In another aspect, the sequence ID numbers (SEQ ID NOs) of the VH, VL, HCDR1, HCDR2, HCDR3, LCDR1, LCDR2, and LCDR3 sequences for the following antibodies of the present invention are:
-
- SEQ ID NOs: 1, 33, 9, 17, 25, 41, 49, and 57 for the DQN0016 antibody, respectively;
- SEQ ID NOs: 2, 34, 10, 18, 26, 42, 50, and 58 for the DQN0089 antibody, respectively;
- SEQ ID NOs: 3, 35, 11, 19, 27, 43, 51, and 59 for the DQN0092 antibody, respectively;
- SEQ ID NOs: 4, 36, 12, 20, 28, 44, 52, and 60 for the DQN0100 antibody, respectively;
- SEQ ID NOs: 5, 37, 13, 21, 29, 45, 53, and 61 for the DQN0157 antibody, respectively;
- SEQ ID NOs: 6, 38, 14, 22, 30, 46, 54, and 62 for the DQN0139 antibody, respectively; and
- SEQ ID NOs: 8, 40, 16, 24, 32, 48, 56, and 64 for the DQN0177 antibody, respectively.
In certain embodiments, any one or more amino acids of an anti-HLA-DQ2.5/8 antibody as provided above are substituted in any of the HVR positions.
In certain embodiments, the substitutions are conservative substitutions, as provided herein.
In any of the above embodiments, an anti-HLA-DQ2.5/8 antibody is humanized. In one embodiment, an anti-HLA-DQ2.5/8 antibody comprises HVRs as in any of the above embodiments, and further comprises an acceptor human framework, e.g., a human immunoglobulin framework or a human consensus framework.

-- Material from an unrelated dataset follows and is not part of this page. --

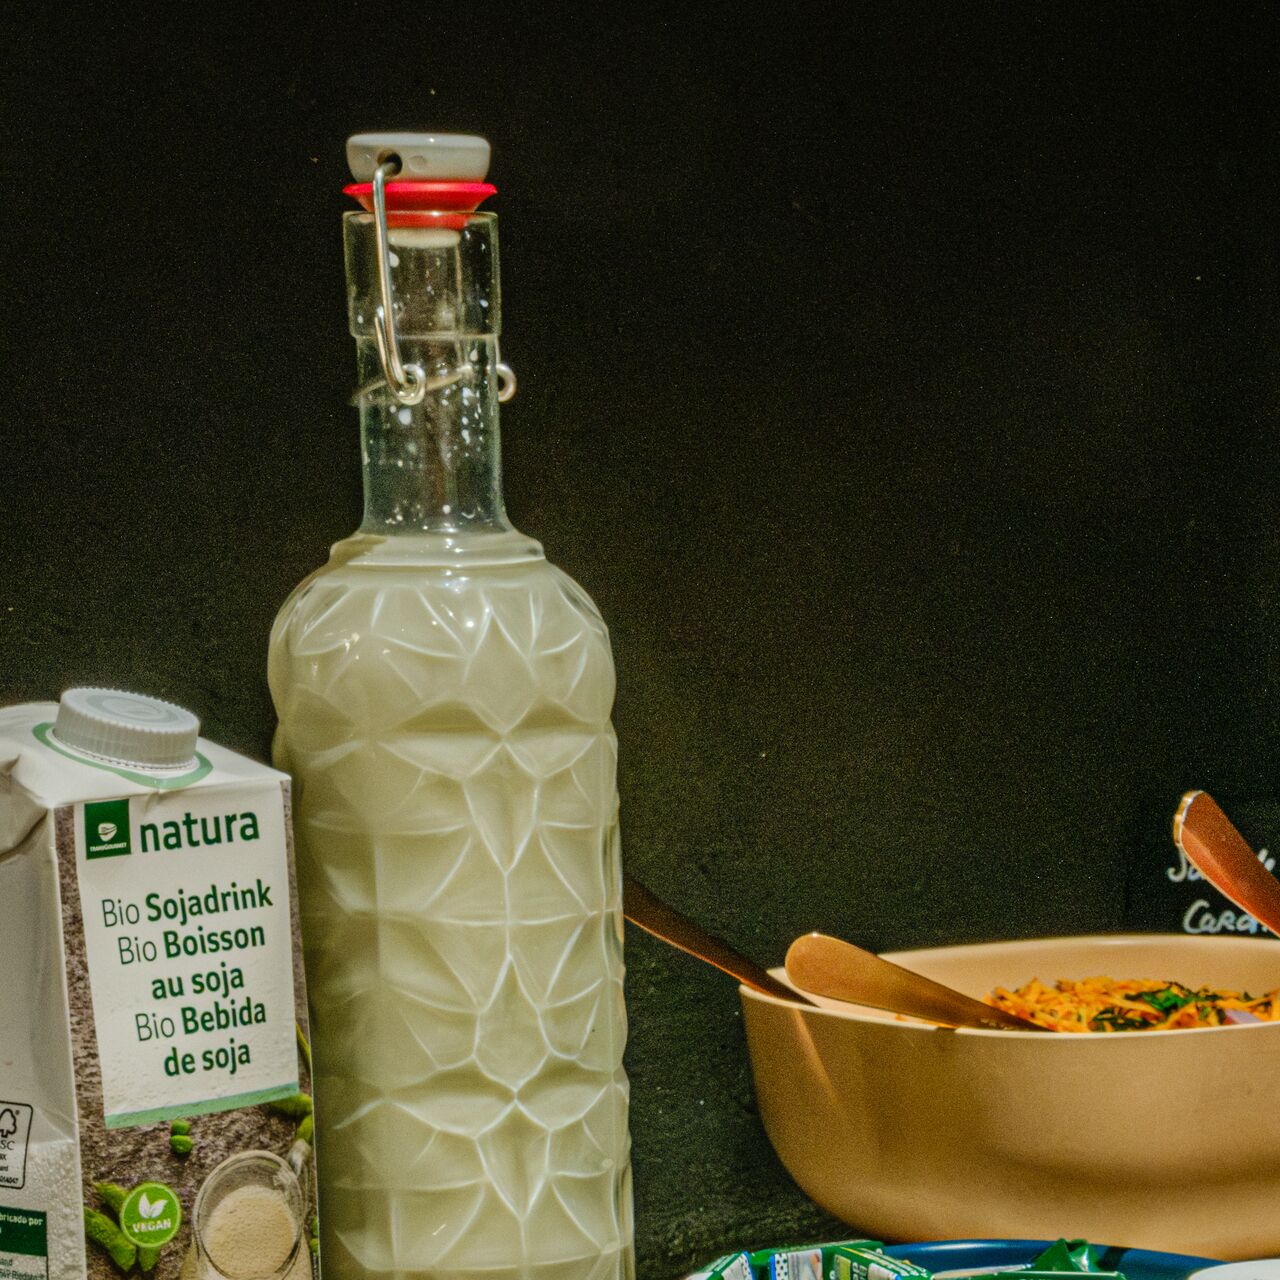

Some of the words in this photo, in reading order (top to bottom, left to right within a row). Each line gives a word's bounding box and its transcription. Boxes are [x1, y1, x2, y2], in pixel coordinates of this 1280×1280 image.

In another embodiment, an anti-HLA-DQ2.5/8 antibody comprises HVRs as in any of the above embodiments, and further comprises the FR1, FR2, FR3, or FR4 sequence shown in Table 1 below.
In another aspect, an anti-HLA-DQ2.5/8 antibody comprises a heavy-chain variable domain (VH) sequence having at least 90%, 91%, 92%, 93%, 94%, 95%, 96%, 97%, 98%, 99%, or 100% sequence identity to the amino acid sequence of any one of SEQ ID NOs: 1 to 8. In certain embodiments, a VH sequence having at least 90%, 91%, 92%, 93%, 94%, 95%, 96%, 97%, 98%, or 99% identity comprises substitutions (e.g., conservative substitutions), insertions, or deletions relative to the reference sequence, but an anti-HLA-DQ2.5/8 antibody comprising that sequence retains the ability to bind to HLA-DQ2.5/8. In certain embodiments, a total of 1 to 10 amino acids have been substituted, inserted and/or deleted in any one of SEQ ID NOs: 1 to 8. In certain embodiments, substitutions, insertions, or deletions occur in regions outside the HVRs (i.e., in the FRs). Optionally, the anti-HLA-DQ2.5/8 antibody comprises the VH sequence of any one of SEQ ID NOs: 1 to 8 or a sequence comprising a post-translational modification thereof. In a particular embodiment, the VH comprises one, two or three HVRs selected from: (a) HVR-H1 comprising the amino acid sequence of any one of SEQ ID NOs: 9 to 16, (b) HVR-H2 comprising the amino acid sequence of any one of SEQ ID NOs: 17 to 24, and (c) HVR-H3 comprising the amino acid sequence of any one of SEQ ID NOs: 25 to 32. Post-translational modifications include but are not limited to a modification of glutamine or glutamate at the N terminus of the heavy chain or light chain to pyroglutamic acid by pyroglutamylation.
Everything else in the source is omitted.